Tóquio– A primeira mulher a conquistar o mundo O segundo pico mais alto do mundoK2, e escalou todos os 14 picos mais altos do mundo três vezes.
Mas Naoko Watanabe, de 44 anos, disse que escalar não é acumular recordes, mas desfrutar de aventura, felicidade e conhecer novas pessoas, comida e cultura. Ela planeja retornar em junho com um grupo de caminhantes amadores para sua escalada favorita, a Nanga Parbat, no Paquistão, conhecida como “Montanha do Assassino”.
“Sou apenas uma pessoa comum que estabeleceu um recorde enquanto escalava o Himalaia nas férias”, disse Watanabe à Associated Press em uma entrevista recente em Tóquio. “Não me considero um montanhista.”
Em 2006, quando ainda era enfermeira estagiária, Watanabe escalou com sucesso Cho Oyu, a sexta montanha mais alta do mundo, na fronteira do Nepal e da China, com 8.201 metros (26.906 pés).
Foi a primeira vez que ela escalou um dos 14 picos do mundo com altitude superior a 8.000 metros (26.246 pés).
Depois de se tornar enfermeira em tempo integral em um hospital universitário em 2009, ela lutou para equilibrar trabalho e escalada, eventualmente fazendo a transição para cuidados temporários para poder escalar com mais frequência.
Desde então, ela escalou o Himalaia regularmente, vendo isso como uma forma de recuperar um pouco da paz interior do ambiente frequentemente estressante e conformista do Japão. Ela agora quer compartilhar a alegria de escalar com quem precisa de uma pausa.
Watanabe está se preparando para caminhar até Nanga Parbat, no Paquistão, em junho, sua segunda tentativa em 2022 de escalar a nona montanha mais alta do mundo.

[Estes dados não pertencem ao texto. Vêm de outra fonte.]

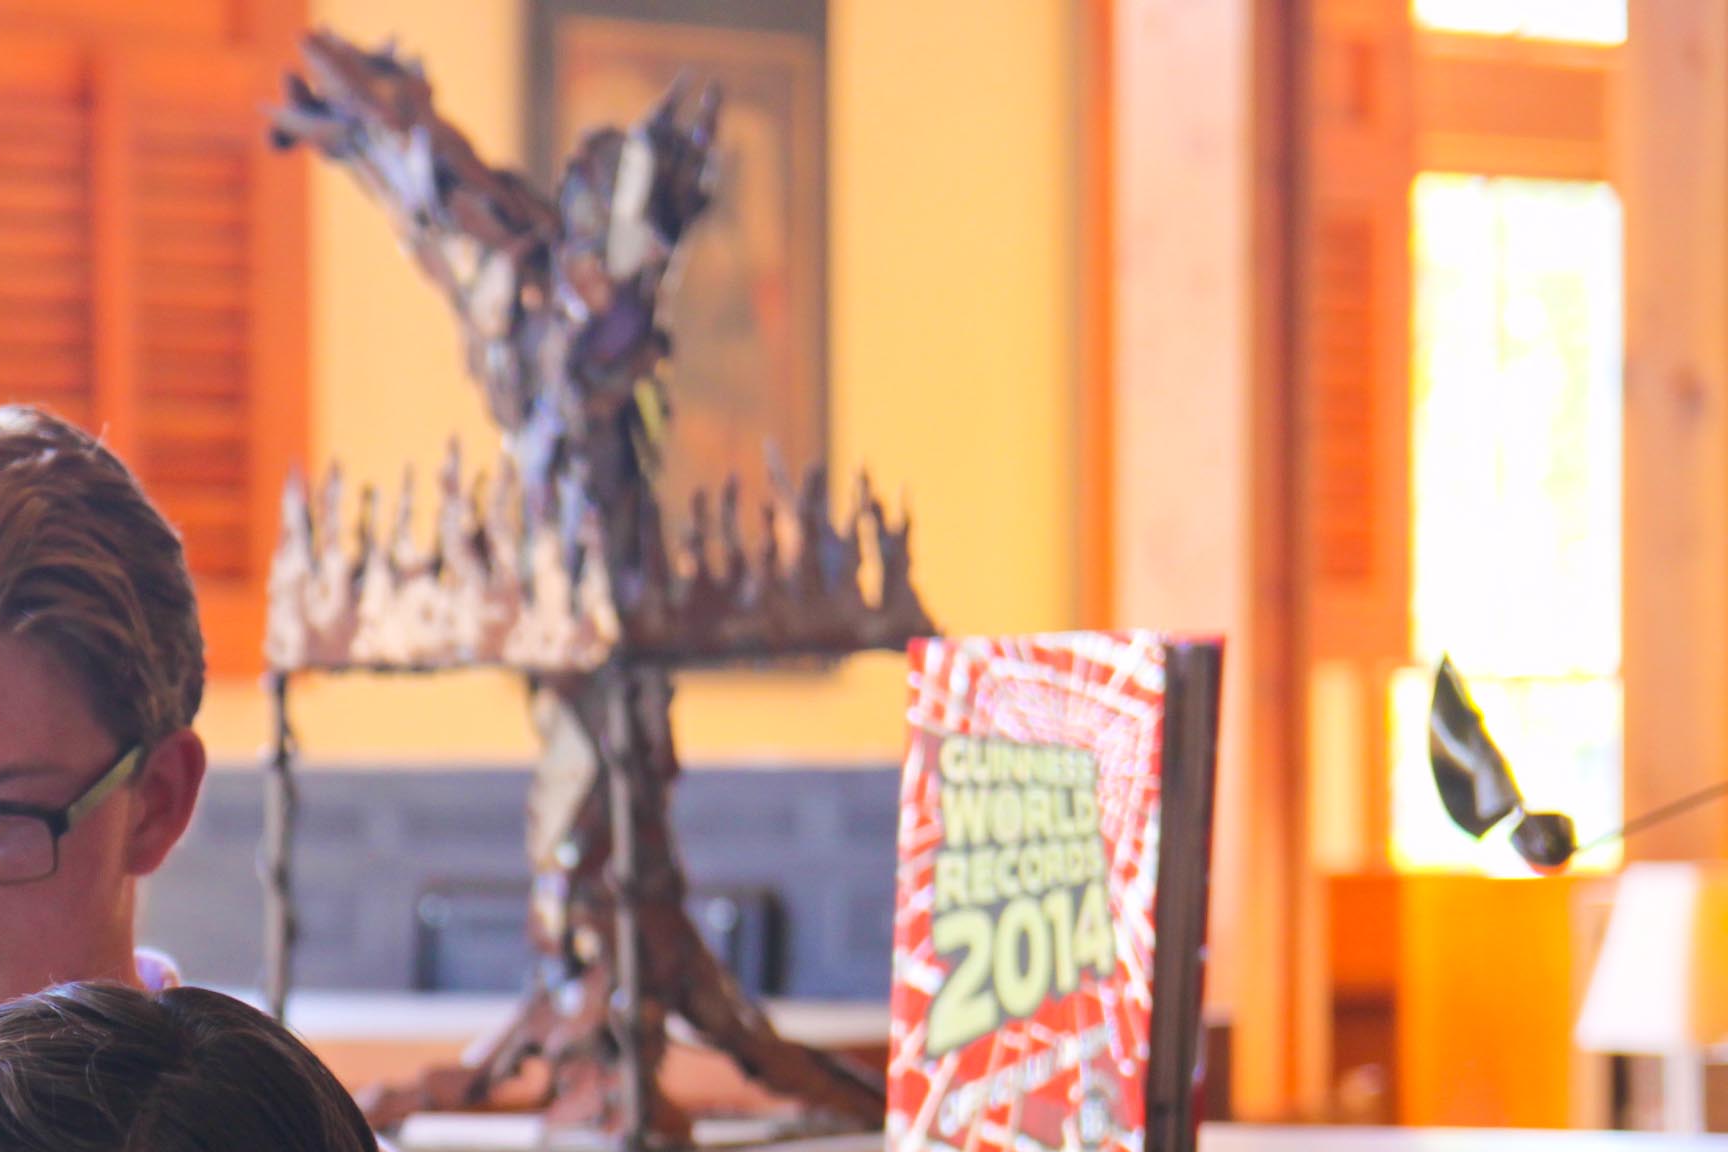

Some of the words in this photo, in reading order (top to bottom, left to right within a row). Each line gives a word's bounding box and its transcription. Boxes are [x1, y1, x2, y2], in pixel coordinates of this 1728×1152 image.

Desta vez, ela planeja ir com um grupo de amadores, a maioria dos quais ficará no acampamento base.
“O acampamento base Nanga Parbat tem belas paisagens e é o meu favorito entre os 14 picos”, disse Watanabe. “Eu quero que todos vejam isso.” Os participantes são incentivados a estacionar no seu próprio ritmo, tirar fotos e conversar com seus guias sherpas.
“Eles não deveriam ter que trabalhar duro”, disse Watanabe. “Quero que (os escaladores) se afastem dos estereótipos e percebam que o Himalaia pode ser divertido… e saibam que há coisas mais importantes do que chegar ao topo.”
Watanabe nasceu na cidade de Ono, no sul do Japão, em 1981. Aos 3 anos, com o incentivo de sua mãe, ingressou no Children’s Adventure Club e começou a escalar. Ela foi para acampamentos em ilhas na China e explorou as pastagens da Mongólia com outras crianças, e escalou uma montanha coberta de neve no Paquistão quando tinha 12 anos.
Ela disse que sua paixão pela aventura e pela escalada a ajudou em tempos difíceis enquanto crescia, quando ela lutou contra a pressão para ingressar em grupos em vez de se destacar no Japão.
Sua formação médica foi fundamental em 31 expedições nos últimos 20 anos.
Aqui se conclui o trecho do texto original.